CHAPTER VIA WRESTLING MATCH; NARROW ESCAPES
IN those days also we had men who prided themselves on their
wrestling powers, and our road possessed such a wrestler. He told
me several times that he wanted a chance to put my back on the
floor, as he had thrown all the other men on the road. I advised
him to leave me alone, but he was so anxious to get his hands
on me that he came to my room one bright morning, and said he
had let me off as long as he could, and that I was going to have
my back on the floor before leaving that room. I tried to argue
him out of it, telling him that the floor was a hard place to
strike against, but he wouldn't listen to anything I said, except
to reply that it was my lookout if the floor was hard, for he
didn't expect to come in contact with it. Finally, seeing
that nothing else would content him, we went at it. We had it
around and around, until at length, getting him just like I wanted,
I picked him up and threw him as hard as I could against the floor,
without going down myself. The noise of his contact with the floor
could have been heard a quarter of a mile, and when he got up
he left the room holding his hand to the back of his head. The
champion wrestler did not care to put his hands on me any more
after that, having learned that size and weight don't "cut
much figure" against strength and muscle. We have been good
friends ever since then, and this brother now heads the seniority
list of engineers on the Mobile Division of the Southern Railway.
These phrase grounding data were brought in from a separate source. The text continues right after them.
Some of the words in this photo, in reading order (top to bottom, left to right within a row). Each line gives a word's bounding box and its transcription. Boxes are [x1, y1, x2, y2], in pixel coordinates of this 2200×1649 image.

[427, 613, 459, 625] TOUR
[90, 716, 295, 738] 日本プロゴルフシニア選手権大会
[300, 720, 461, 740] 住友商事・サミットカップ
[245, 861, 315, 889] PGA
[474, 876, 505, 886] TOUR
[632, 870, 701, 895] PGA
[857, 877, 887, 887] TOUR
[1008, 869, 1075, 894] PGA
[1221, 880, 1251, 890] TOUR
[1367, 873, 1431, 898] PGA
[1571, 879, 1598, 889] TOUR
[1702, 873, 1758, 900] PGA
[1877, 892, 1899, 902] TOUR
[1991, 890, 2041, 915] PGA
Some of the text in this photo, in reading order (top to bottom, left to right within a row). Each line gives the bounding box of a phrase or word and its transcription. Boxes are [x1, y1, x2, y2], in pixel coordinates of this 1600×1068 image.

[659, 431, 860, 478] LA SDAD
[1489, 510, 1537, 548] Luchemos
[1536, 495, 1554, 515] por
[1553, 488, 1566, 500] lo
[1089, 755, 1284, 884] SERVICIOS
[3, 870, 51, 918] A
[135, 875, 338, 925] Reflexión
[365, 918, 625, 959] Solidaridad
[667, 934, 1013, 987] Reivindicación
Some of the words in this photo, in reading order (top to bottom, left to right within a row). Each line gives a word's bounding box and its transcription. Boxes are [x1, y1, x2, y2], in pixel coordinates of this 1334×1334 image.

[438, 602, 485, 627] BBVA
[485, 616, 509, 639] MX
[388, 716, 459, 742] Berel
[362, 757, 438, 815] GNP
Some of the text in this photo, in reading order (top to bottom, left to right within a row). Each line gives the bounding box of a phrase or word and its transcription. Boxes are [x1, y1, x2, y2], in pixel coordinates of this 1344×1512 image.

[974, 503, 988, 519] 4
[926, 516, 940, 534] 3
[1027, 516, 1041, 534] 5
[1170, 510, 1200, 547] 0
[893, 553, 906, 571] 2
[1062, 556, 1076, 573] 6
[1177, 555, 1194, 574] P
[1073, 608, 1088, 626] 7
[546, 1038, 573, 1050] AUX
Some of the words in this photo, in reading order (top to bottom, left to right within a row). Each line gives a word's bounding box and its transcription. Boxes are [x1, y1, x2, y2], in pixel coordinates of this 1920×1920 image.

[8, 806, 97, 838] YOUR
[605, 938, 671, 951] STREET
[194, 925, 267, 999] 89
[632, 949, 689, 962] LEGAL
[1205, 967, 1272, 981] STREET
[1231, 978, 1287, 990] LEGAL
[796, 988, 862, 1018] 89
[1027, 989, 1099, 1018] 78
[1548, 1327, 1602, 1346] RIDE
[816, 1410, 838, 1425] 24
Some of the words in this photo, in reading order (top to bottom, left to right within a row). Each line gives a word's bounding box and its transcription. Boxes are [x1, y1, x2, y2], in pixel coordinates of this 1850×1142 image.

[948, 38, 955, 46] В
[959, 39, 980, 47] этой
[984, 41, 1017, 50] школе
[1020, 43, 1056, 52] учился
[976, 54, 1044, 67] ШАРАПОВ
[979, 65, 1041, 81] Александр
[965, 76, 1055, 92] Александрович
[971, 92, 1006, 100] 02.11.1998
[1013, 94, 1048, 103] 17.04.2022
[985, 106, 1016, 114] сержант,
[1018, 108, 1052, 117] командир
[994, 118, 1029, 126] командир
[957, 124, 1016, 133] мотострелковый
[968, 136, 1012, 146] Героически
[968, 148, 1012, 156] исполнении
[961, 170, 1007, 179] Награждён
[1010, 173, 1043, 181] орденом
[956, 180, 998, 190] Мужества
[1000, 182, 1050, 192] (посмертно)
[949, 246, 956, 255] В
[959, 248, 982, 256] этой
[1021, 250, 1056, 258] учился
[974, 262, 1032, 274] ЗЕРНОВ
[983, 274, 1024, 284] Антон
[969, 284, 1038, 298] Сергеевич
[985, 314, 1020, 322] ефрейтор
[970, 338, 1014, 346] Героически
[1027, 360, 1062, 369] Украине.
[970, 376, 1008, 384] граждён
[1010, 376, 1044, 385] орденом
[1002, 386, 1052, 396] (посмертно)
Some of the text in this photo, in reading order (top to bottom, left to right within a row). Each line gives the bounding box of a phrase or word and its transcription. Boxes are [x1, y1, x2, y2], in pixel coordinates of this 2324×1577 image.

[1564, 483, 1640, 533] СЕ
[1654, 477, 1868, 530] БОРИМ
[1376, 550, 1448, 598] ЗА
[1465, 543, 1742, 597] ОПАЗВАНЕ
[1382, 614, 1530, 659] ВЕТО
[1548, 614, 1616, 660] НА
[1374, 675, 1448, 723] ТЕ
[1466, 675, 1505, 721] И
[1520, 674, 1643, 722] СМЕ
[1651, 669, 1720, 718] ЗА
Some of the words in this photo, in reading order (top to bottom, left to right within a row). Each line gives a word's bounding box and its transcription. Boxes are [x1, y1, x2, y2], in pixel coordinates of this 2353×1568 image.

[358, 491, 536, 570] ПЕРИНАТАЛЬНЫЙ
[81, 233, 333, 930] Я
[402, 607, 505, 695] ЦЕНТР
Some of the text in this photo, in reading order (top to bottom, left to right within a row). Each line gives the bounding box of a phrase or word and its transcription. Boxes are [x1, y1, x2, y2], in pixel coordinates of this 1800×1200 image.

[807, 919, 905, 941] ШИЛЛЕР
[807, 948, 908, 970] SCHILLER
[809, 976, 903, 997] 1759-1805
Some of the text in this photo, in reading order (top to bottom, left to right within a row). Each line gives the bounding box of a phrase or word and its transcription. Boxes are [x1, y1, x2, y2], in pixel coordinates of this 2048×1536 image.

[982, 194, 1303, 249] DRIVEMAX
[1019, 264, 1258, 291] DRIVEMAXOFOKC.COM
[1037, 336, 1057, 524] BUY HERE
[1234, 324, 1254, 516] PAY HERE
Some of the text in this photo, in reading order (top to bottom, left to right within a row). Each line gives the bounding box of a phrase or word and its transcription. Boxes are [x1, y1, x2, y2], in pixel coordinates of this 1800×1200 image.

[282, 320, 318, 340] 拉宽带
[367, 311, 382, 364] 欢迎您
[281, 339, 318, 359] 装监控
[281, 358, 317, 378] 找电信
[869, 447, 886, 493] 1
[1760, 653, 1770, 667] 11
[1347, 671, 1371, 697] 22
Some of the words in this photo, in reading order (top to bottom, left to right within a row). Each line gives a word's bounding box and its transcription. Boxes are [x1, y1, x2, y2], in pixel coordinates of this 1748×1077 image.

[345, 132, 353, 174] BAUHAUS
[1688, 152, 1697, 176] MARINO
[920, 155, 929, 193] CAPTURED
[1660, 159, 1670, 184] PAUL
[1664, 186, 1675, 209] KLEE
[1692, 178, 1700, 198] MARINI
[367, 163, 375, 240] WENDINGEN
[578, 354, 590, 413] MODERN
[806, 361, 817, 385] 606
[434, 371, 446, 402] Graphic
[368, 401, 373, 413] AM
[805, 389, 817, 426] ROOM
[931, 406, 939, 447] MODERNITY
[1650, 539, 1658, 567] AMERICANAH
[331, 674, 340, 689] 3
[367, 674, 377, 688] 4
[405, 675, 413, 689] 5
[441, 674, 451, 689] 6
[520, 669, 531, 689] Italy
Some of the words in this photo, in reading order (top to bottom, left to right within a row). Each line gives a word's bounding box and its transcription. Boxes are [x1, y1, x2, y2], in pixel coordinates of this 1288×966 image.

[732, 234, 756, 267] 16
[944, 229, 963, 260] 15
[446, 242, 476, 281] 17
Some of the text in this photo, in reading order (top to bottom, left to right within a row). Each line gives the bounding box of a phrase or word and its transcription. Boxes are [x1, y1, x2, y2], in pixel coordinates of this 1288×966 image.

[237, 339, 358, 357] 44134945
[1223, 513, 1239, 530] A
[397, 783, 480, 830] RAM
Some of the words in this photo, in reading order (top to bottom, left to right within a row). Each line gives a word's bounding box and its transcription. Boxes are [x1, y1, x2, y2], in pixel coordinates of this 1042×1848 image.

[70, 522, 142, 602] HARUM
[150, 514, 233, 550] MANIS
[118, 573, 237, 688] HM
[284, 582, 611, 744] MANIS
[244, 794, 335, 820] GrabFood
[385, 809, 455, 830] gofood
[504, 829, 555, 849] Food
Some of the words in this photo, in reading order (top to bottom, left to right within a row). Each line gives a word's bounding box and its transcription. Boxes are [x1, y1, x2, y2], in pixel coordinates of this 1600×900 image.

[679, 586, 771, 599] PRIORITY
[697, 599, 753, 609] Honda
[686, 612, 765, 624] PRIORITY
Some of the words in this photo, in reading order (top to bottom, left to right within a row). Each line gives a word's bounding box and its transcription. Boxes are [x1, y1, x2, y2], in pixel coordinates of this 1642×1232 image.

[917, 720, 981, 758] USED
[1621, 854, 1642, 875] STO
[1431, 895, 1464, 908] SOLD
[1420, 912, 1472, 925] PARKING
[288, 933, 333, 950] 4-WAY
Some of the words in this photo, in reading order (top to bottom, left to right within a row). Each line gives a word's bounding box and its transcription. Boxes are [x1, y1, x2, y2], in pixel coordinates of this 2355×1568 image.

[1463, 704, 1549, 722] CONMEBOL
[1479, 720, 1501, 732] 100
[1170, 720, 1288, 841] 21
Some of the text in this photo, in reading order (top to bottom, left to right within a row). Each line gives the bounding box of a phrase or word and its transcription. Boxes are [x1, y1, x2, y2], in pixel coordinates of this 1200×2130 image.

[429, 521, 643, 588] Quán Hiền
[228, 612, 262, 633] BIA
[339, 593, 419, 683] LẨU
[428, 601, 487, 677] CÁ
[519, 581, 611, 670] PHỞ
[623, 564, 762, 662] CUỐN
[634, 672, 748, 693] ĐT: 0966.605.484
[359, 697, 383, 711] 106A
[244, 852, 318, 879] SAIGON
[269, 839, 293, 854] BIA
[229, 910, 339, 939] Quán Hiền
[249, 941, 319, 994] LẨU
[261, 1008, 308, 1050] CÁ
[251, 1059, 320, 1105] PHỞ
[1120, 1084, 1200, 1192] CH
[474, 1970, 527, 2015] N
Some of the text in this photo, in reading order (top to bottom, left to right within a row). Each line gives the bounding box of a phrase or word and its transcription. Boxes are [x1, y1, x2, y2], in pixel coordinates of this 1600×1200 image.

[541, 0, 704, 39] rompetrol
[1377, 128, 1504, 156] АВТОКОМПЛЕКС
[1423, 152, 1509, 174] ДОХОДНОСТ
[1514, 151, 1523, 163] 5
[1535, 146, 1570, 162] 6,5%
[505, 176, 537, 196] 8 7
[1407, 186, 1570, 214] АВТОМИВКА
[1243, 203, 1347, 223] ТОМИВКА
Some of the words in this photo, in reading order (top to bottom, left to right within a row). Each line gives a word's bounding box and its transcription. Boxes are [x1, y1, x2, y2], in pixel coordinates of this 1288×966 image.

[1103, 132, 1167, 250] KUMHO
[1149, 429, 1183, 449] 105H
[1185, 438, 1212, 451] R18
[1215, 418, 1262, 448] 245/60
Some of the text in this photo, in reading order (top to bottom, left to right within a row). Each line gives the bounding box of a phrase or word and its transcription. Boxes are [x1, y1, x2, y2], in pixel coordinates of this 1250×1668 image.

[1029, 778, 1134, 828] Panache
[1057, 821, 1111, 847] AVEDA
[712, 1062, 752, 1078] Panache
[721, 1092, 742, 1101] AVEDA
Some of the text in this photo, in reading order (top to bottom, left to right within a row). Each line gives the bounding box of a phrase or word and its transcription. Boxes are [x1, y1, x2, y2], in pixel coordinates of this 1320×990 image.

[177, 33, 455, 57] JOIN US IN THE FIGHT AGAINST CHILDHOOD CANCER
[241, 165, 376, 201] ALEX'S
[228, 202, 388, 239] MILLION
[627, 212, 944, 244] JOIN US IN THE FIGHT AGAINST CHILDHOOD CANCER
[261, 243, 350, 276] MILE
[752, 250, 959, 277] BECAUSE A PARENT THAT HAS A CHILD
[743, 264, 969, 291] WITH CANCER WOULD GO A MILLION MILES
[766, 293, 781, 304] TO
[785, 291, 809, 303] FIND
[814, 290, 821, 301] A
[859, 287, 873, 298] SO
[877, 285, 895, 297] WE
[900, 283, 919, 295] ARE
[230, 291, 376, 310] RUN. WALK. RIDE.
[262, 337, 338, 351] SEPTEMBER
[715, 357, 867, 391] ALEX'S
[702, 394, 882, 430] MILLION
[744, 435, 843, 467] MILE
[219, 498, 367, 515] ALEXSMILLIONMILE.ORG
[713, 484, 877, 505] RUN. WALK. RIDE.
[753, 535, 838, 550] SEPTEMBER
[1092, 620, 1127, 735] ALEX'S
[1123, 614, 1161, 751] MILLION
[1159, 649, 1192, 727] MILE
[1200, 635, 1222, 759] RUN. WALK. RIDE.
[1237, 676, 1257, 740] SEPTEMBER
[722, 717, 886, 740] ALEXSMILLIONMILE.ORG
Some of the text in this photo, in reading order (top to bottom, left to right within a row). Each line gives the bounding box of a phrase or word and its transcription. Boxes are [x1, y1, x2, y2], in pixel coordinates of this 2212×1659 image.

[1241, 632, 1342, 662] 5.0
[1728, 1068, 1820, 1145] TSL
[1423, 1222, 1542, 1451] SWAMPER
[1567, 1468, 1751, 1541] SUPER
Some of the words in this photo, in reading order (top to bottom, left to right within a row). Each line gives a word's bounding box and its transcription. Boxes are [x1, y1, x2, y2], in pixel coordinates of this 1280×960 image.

Looking backward, I now realize that those days were among
the brightest and most pleasant of my railroad career. Our regular
train consisted of ten freight cars and three coaches, when they
had them, and they nearly always did, when business was good.
Our schedules were not very fast, we had good engines to run,
and I had a long lay over with my brown-eyed girl and little ones.
I was paid at that time $4.00 per day. My lay over at home was
two days and one night. We did all the work of our own engines,
and as a general thing, I put in one half-day out of three in
this occupation. We didn't have metallic packing then, using altogether
fibrous packing, hemp, etc. I would pack my engine about twice
a year. The Master Mechanic once asked me what I used for packing.
I replied that I used hemp. He said, "There hasn't been any
charged to your engine in six months." I told him that I
only packed her every six months, and then I did the work well,
so that I wouldn't have to be working all the time.
During a space of ten years I usually ran one engine, No. 22.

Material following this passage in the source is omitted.